Phase II study of the histone deacetylase inhibitor panobinostat (LBH589) in patients with low or intermediate-1 risk myelodysplastic syndrome

Abstract

A phase II non-randomized single arm trial of oral panobinostat (LBH589) was conducted in patients with low or intermediate-1 risk myelodysplastic syndrome (MDS). The objective of this study was to determine the clinical efficacy, safety, and tolerability of panobinostat in this patient population.

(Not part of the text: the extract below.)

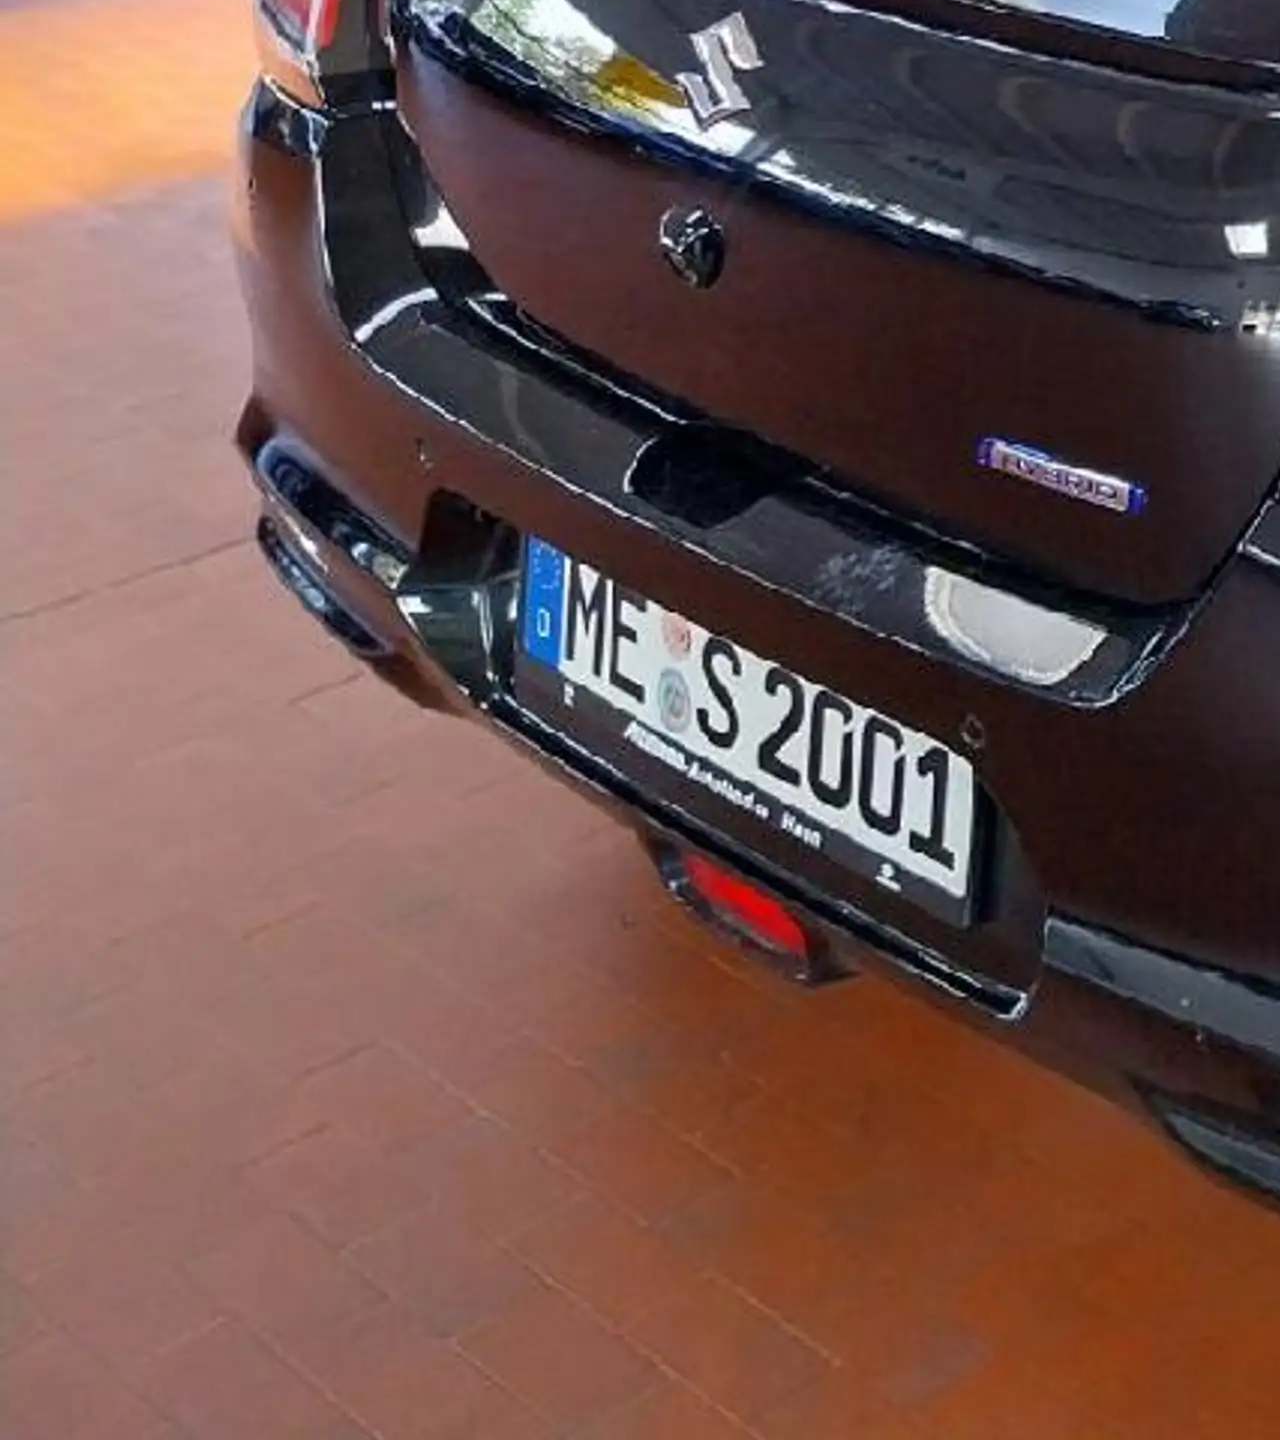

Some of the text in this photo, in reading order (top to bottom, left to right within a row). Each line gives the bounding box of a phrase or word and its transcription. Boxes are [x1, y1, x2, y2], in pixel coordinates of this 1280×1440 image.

[565, 563, 645, 704] ME
[697, 636, 742, 749] S
[758, 666, 955, 872] 2001

The study would stop early if there was a chance >99% that the average overall response rate was <15%. Thirteen patients were treated: Median age was 70 years (range 47–84), 70% were transfusion dependent, 70% had intermediate-1 risk MDS. Most patients were diploid but one patient with del(5q), one with trisomy 8, one with complex cytogenetics, and two with deletion of 20q were included. Approximately 40% had previous therapy for MDS. Of the 13 patients, 1 (8%) achieved hematological improvement (HI-E and HI-P, duration 3 months) and 6 (46%) had stable disease for a median duration of 6 months (range 1.7–13.6). Treatment was withheld in one patient because of QTc prolongation but no other serious adverse effects were otherwise observed. Panobinostat did not consistently induce histone acetylation as measured with Western blot. This data indicates that panobinostat at the dose and schedule studied here has limited activity in lower risk MDS.

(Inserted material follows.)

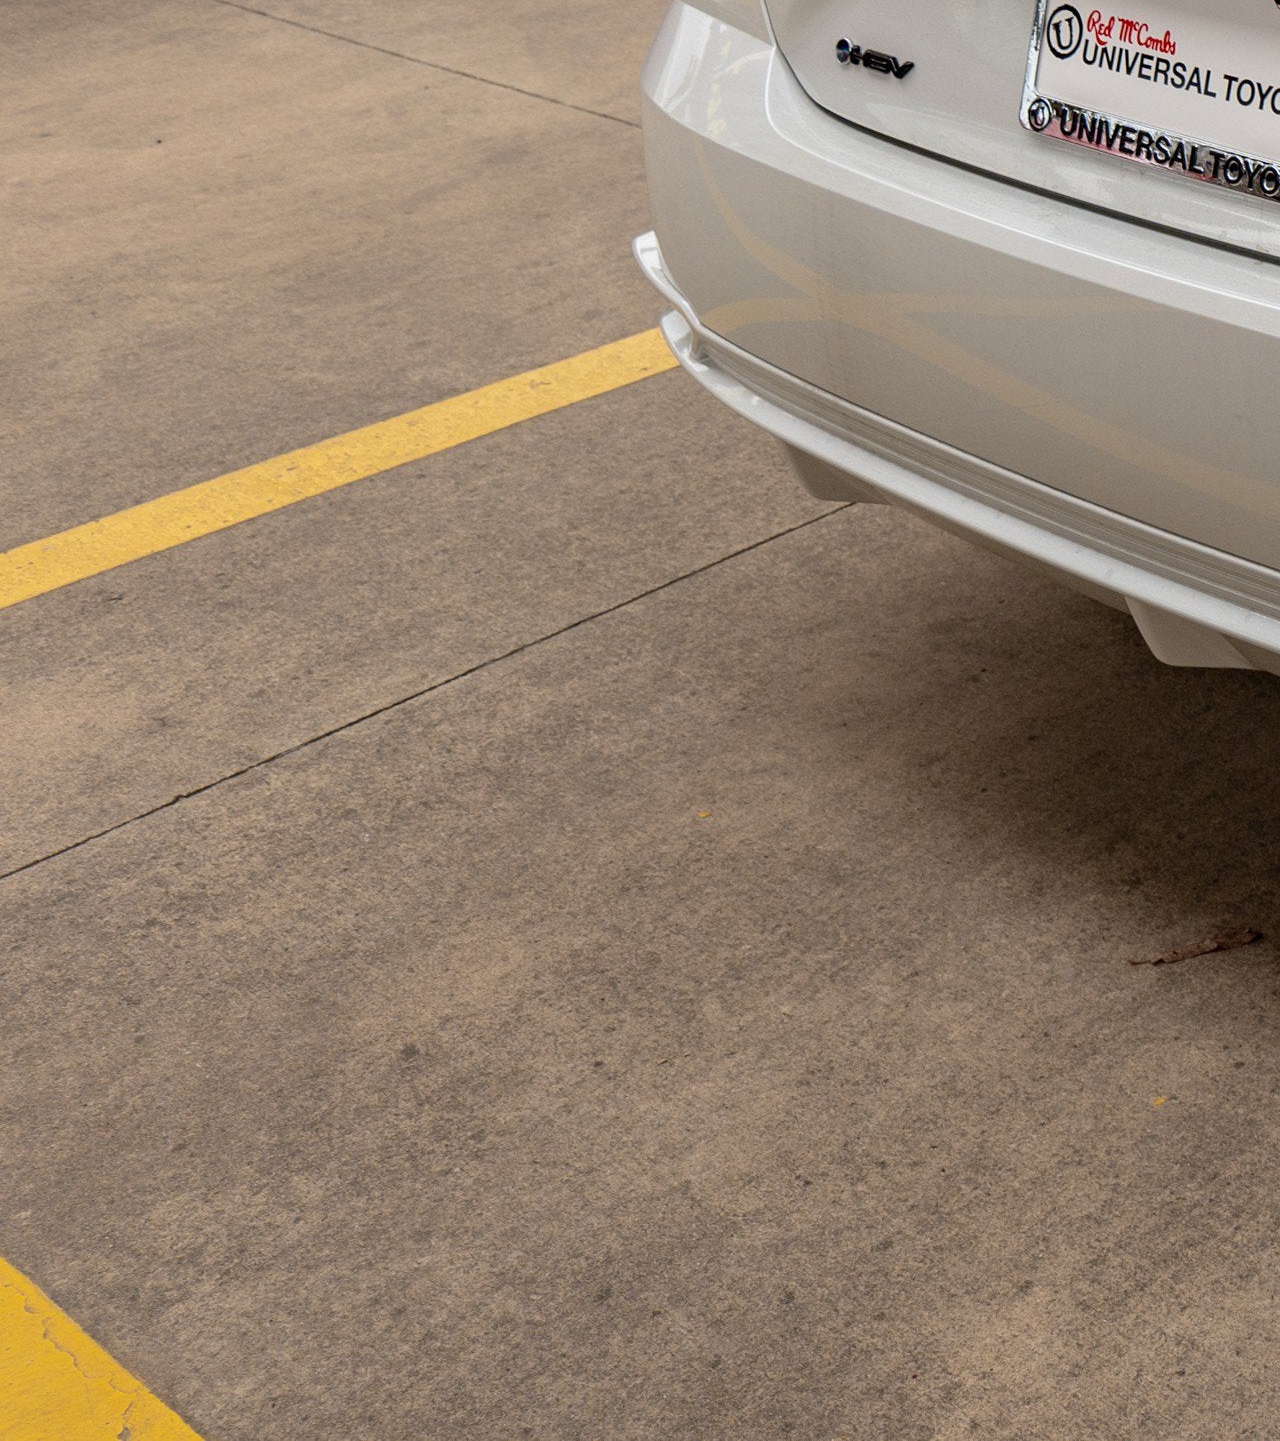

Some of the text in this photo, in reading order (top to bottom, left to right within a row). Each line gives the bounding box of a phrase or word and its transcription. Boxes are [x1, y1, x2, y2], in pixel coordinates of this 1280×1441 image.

[1086, 9, 1178, 56] Red McCombs
[1082, 38, 1217, 99] UNIVERSAL
[1059, 107, 1206, 175] UNIVERSAL

Treatment options for patients with lower risk (low and intermediate-1 by IPSS [1]) myelodysplastic syndrome (MDS) are limited [2]. Options include lenalidomide [3] for patients with alterations of chromosome 5 and the hypomethylating agents [4].The use of this last group of drugs is not well understood in this subset of patients. Allogeneic stem cell transplantation [5] is usually reserved for patients with more advanced disease and the impact of erythroid growth factors is controversial at this time [6]. A subset of patients may benefit from immune manipulation [7]. Therefore, newer agents are needed for patients with lower risk MDS. Panobinostat is a very potent panhistone deacetylase inhibitor (HDACi) currently being investigated in a number of human malignancies [8]. HDACis were initially developed as differentiation agents in human leukemia and have been shown to be safe and active in patients with myeloid malignancies [9]. Based on this, we hypothesized that single-agent panobinostat could be active in lower risk MDS. Oral route of administration and safety profile further increased interest in this approach.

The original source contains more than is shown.